In 2024 entstanden laut Statistischem Bundesamt rund 75.000 Neubauten (neue Wohngebäude), davon alleine 58.450 Einzelhäuser. Diese verteilen sich auf ganz bestimmte Neubaugebiete, die das data analytics institute identifiziert und mit dem entsprechenden Baujahr ausweist. Der Energieträger hier ist überwiegend Umweltthermie.

Neubaugebiete sind Neubauten in einem Quartier

Neubaugebiete
Beispiel für ein Neubaugebiet in Bonn-Beuel (PLZ53225), Quelle: Google Maps 2025

Am Beispiel der beiden Straßen Fideliostraße und Freudestraße in Bonn-Villich (PLZ 53225) lässt sich die Bautätigkeit im Quartier in 2020 auf Google Maps sehr gut nachvollziehen und zeigt auch den zeitlichen Versatz der aktuellen Karten. Noch nicht alle Gebäude (mittlerweile insgesamt 27 Neubauten) sind datenseitig erfasst. Dennoch lässt dich das Neubaugebiet sehr gut erkennen, ist es doch ziemlich weit fortgeschritten (Hinweis: Wir blicken 4-5 Jahre zurück).

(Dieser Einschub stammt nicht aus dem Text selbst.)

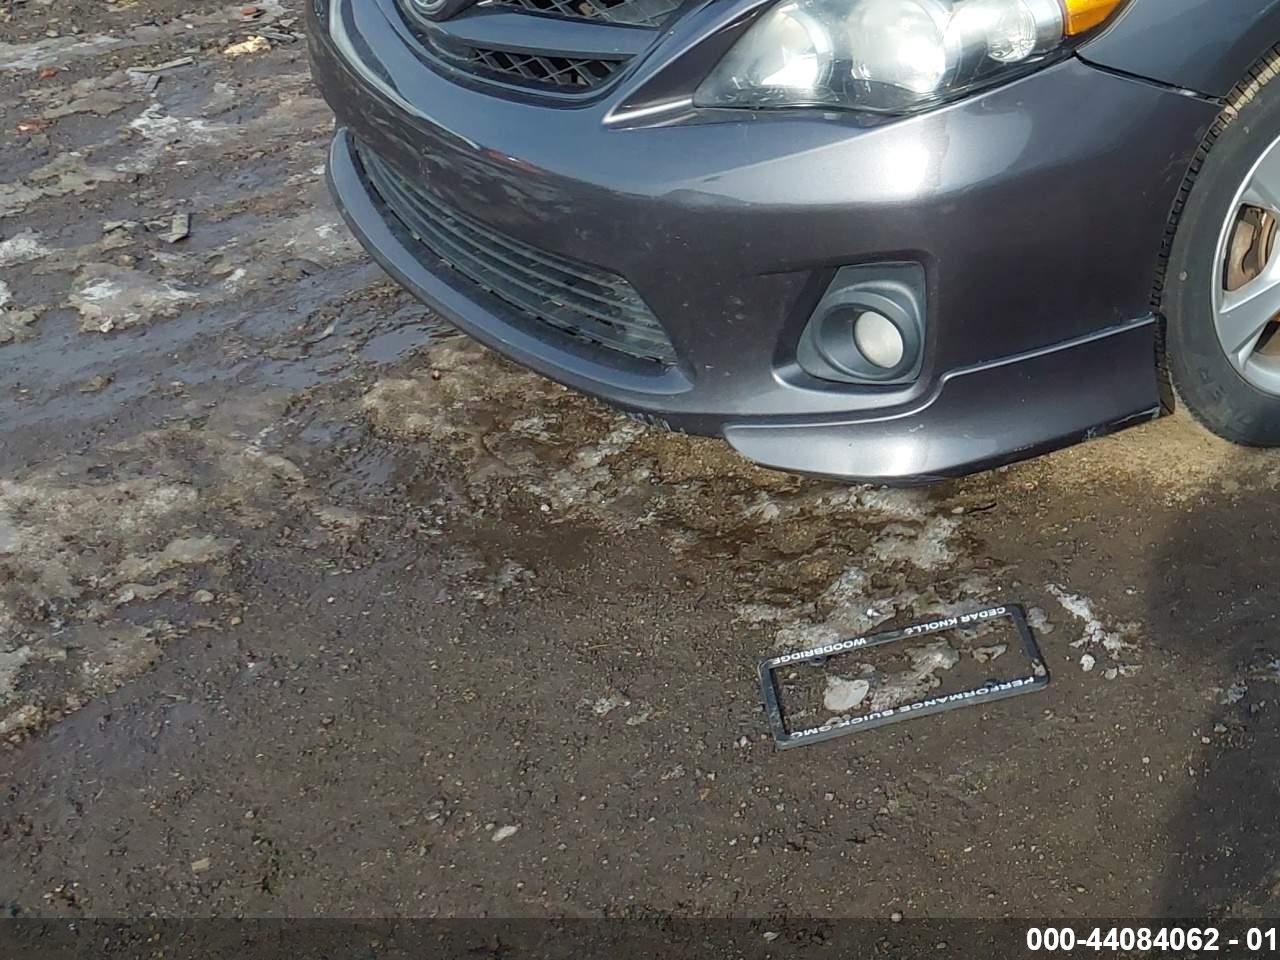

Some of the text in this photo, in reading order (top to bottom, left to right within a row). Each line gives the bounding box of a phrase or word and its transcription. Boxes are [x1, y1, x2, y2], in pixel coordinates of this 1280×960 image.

[903, 606, 1006, 636] CEDAR KNOLLS
[772, 637, 867, 665] WOODBRIDGE
[899, 676, 1035, 713] PERFORMANCE
[839, 709, 894, 728] BUICK
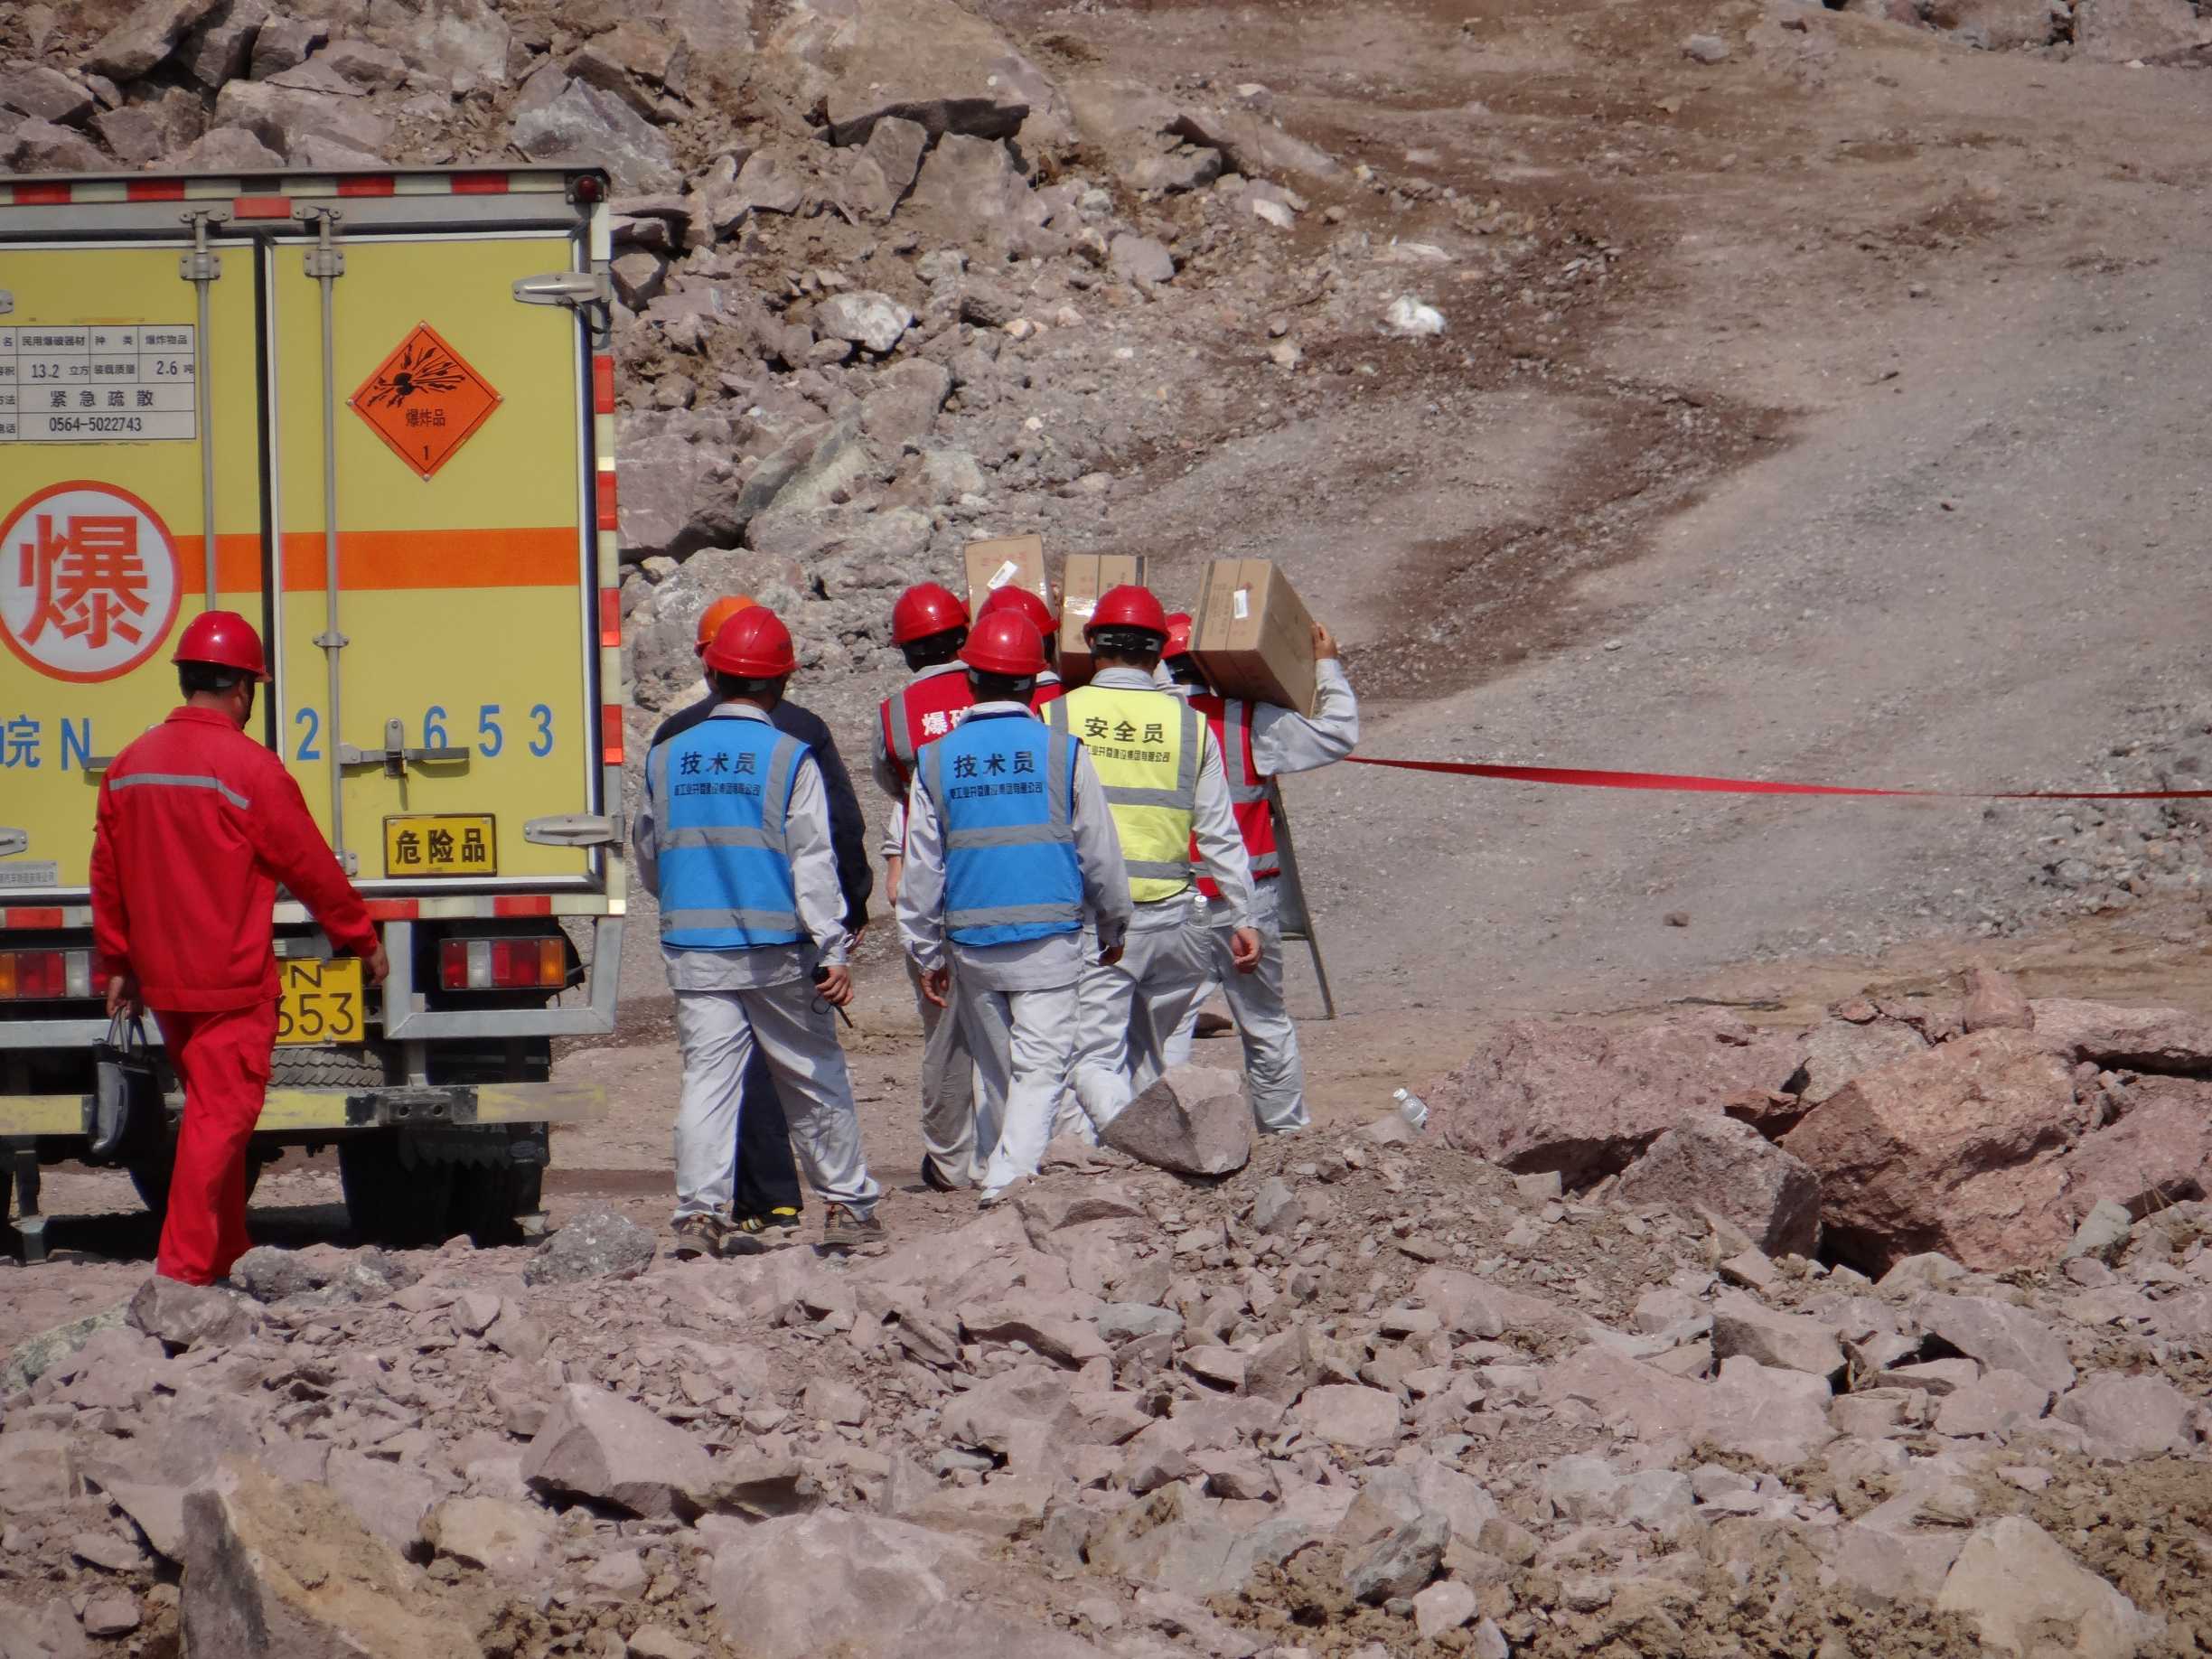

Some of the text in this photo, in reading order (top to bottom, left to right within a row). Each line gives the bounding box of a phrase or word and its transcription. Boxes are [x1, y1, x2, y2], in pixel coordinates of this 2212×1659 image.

[145, 335, 187, 344] 爆炸物品
[32, 364, 89, 378] 13.2 立方
[94, 364, 135, 375] 装载质量
[156, 361, 177, 375] 2.6
[51, 390, 154, 407] 紧急疏散
[50, 417, 142, 432] 0564-5022743
[406, 408, 445, 427] 爆炸品
[423, 445, 429, 460] 1
[18, 514, 150, 649] 爆
[1084, 717, 1165, 744] 安全员
[680, 751, 757, 775] 技术员
[953, 750, 1036, 778] 技术员
[396, 828, 485, 865] 危险品
[290, 964, 322, 989] N

Wohngebäude nach 2016 je Baujahr

Für die letzten zehn Jahre (2016-2025) stellt das data analytics institute für Analysen und Auswertungen die Neubauten und deren Neubaugebiete als jährlichen Datensatz zur Verfügung. Es ergänzt damit ideal den Zensusdatensatz 2022 und bietet z.B. für die kommunale Wärmeplanung oder marketingrelevante Aspekte eine ideale Datenbasis. Für die rund 19,3 Mio. Wohngebäude ist das Gebäudealter bis 2016 standardmäßig gemäß Zensus in Dekaden verfügbar (auf Wunsch auch feingliedriger, da die Bautätigkeitsinformationen noch deutlich weiter zurückreichen).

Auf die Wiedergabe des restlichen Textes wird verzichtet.